-- Source material follows --

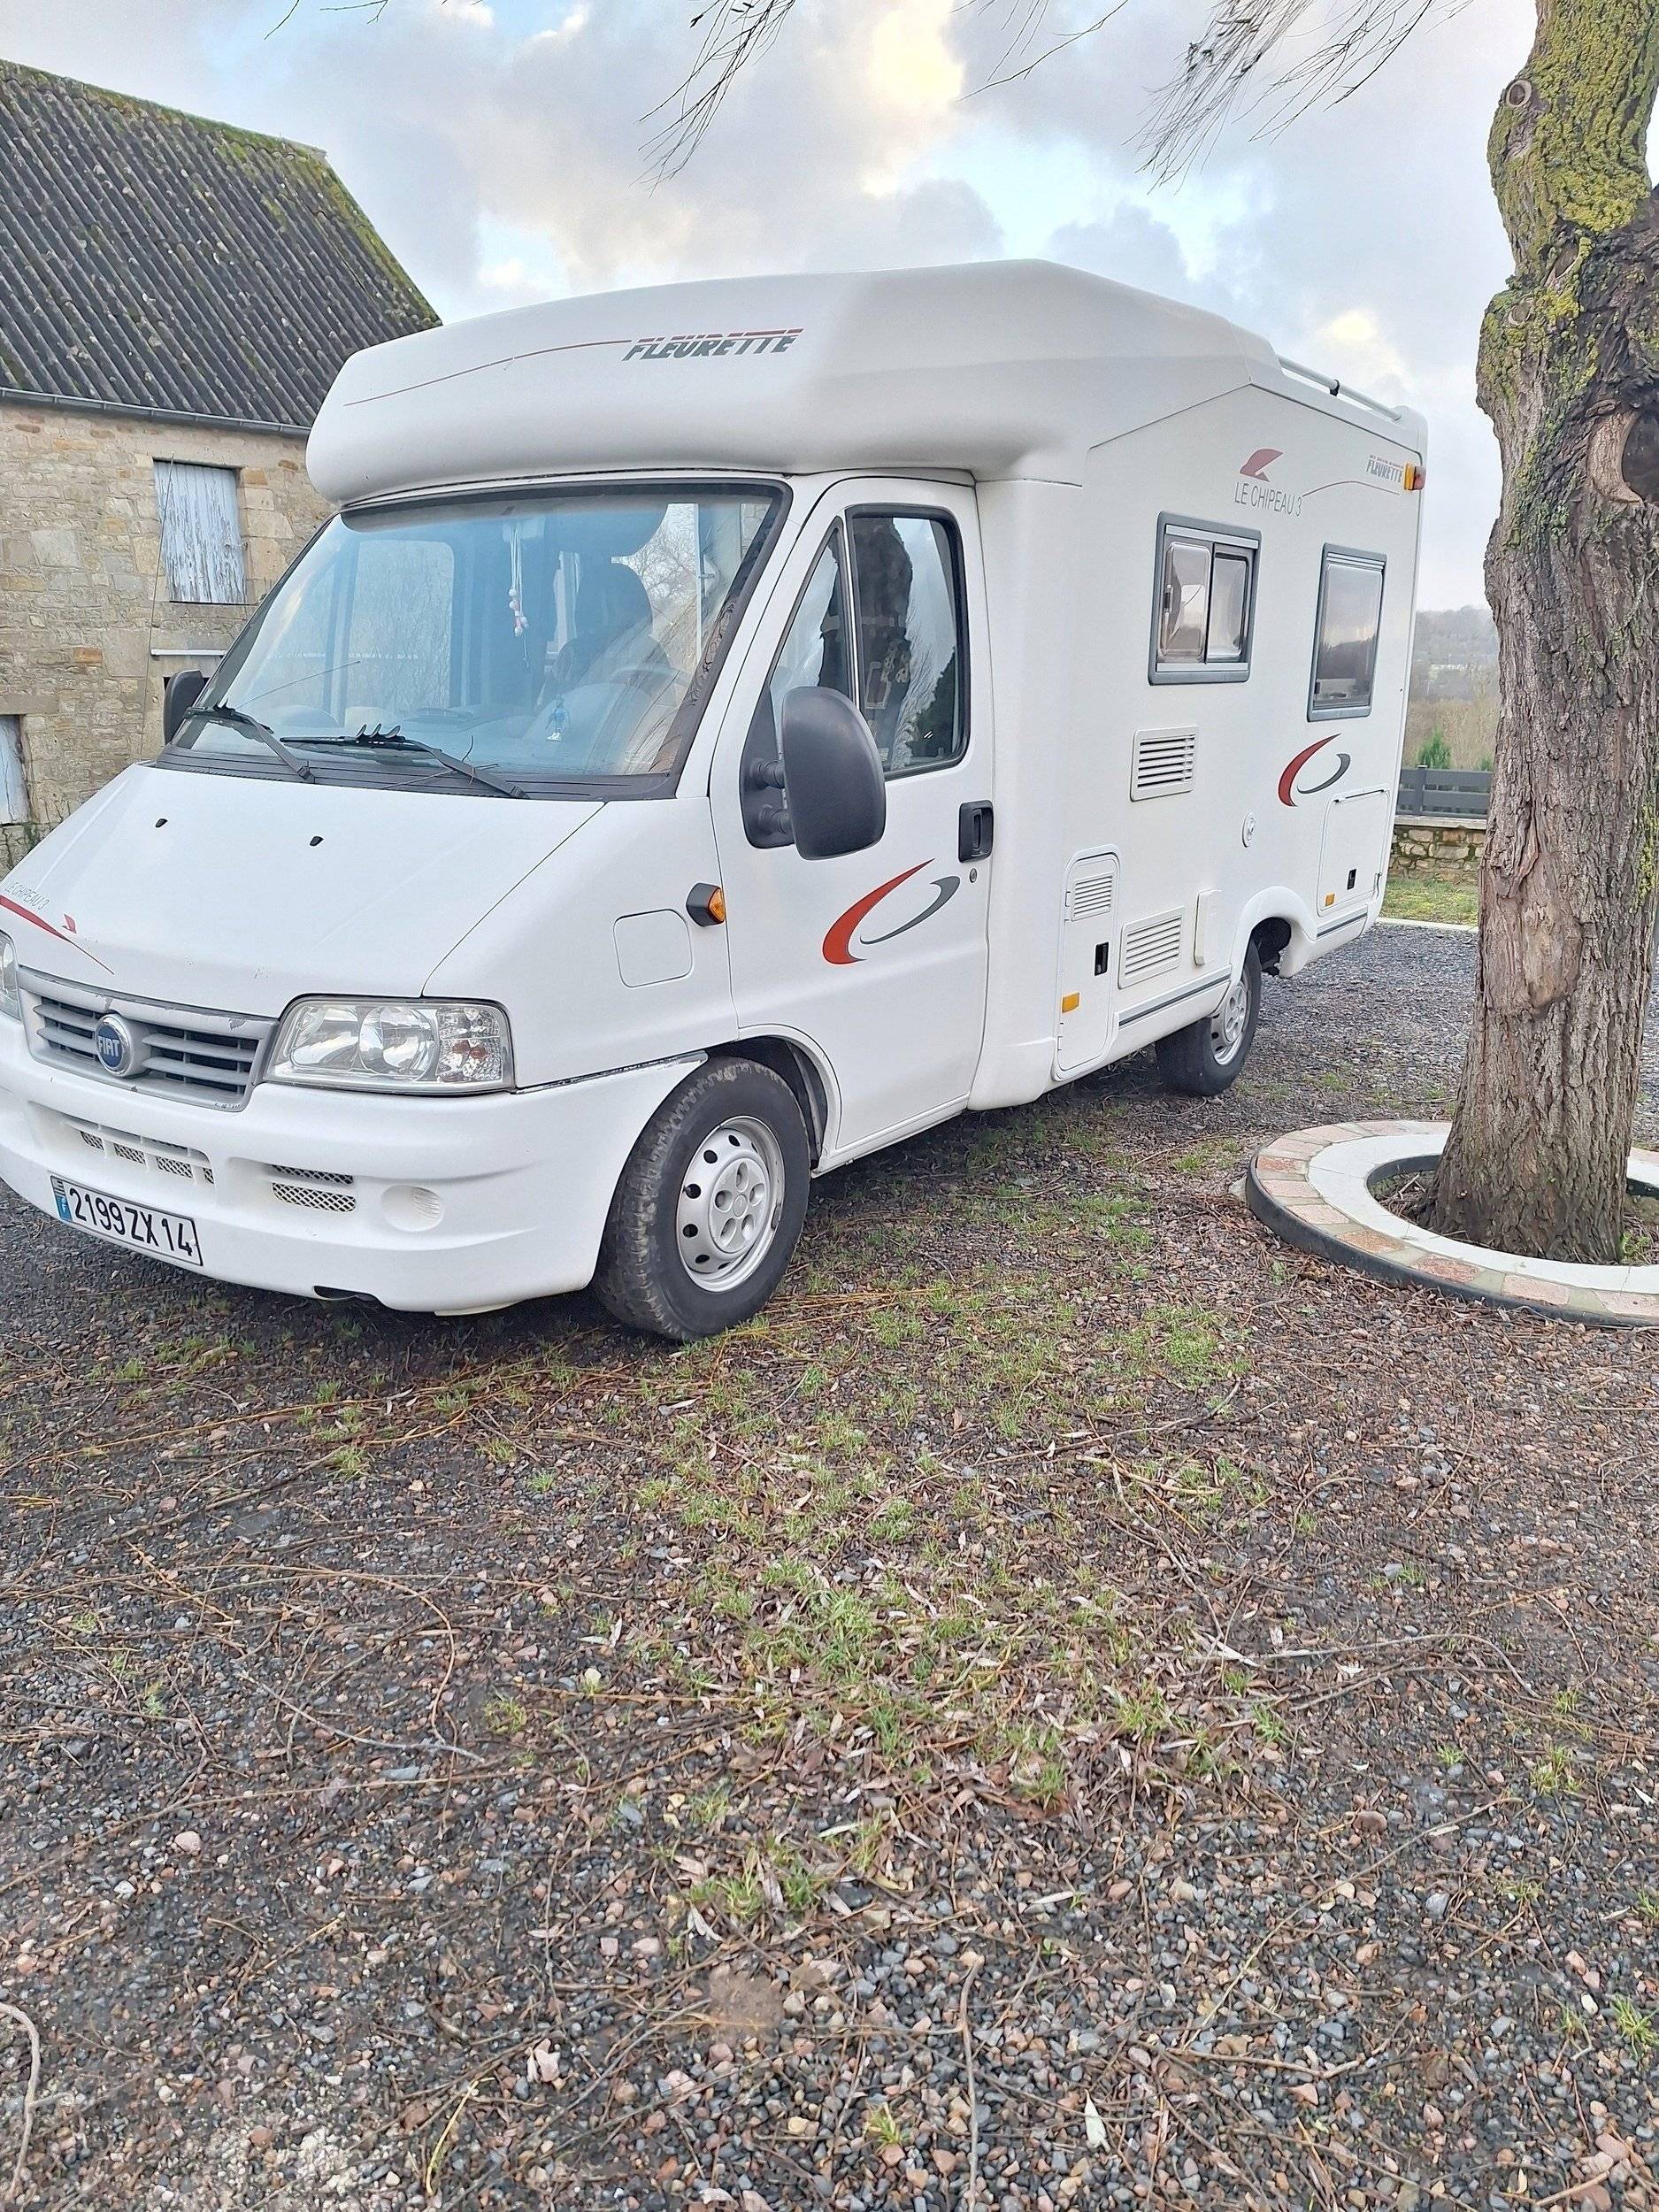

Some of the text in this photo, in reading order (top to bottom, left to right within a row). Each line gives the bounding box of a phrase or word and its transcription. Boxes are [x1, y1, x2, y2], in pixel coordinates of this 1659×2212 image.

[621, 334, 800, 362] FLEURETTE
[1366, 458, 1404, 483] FLEURETTE
[1233, 481, 1302, 518] LE CHIPEAU 3
[97, 1035, 120, 1057] FIAT

-- Source material concluded --

= Work request =
Transcribe the data verbatim. No picture belongs in the result.

= Solution to the exercise =
Some of the text in this photo, in reading order (top to bottom, left to right within a row). Each line gives the bounding box of a phrase or word and its transcription. Boxes are [x1, y1, x2, y2], in pixel coordinates of this 1659×2212 image.

[621, 334, 800, 362] FLEURETTE
[1366, 458, 1404, 483] FLEURETTE
[1233, 481, 1302, 518] LE CHIPEAU 3
[97, 1035, 120, 1057] FIAT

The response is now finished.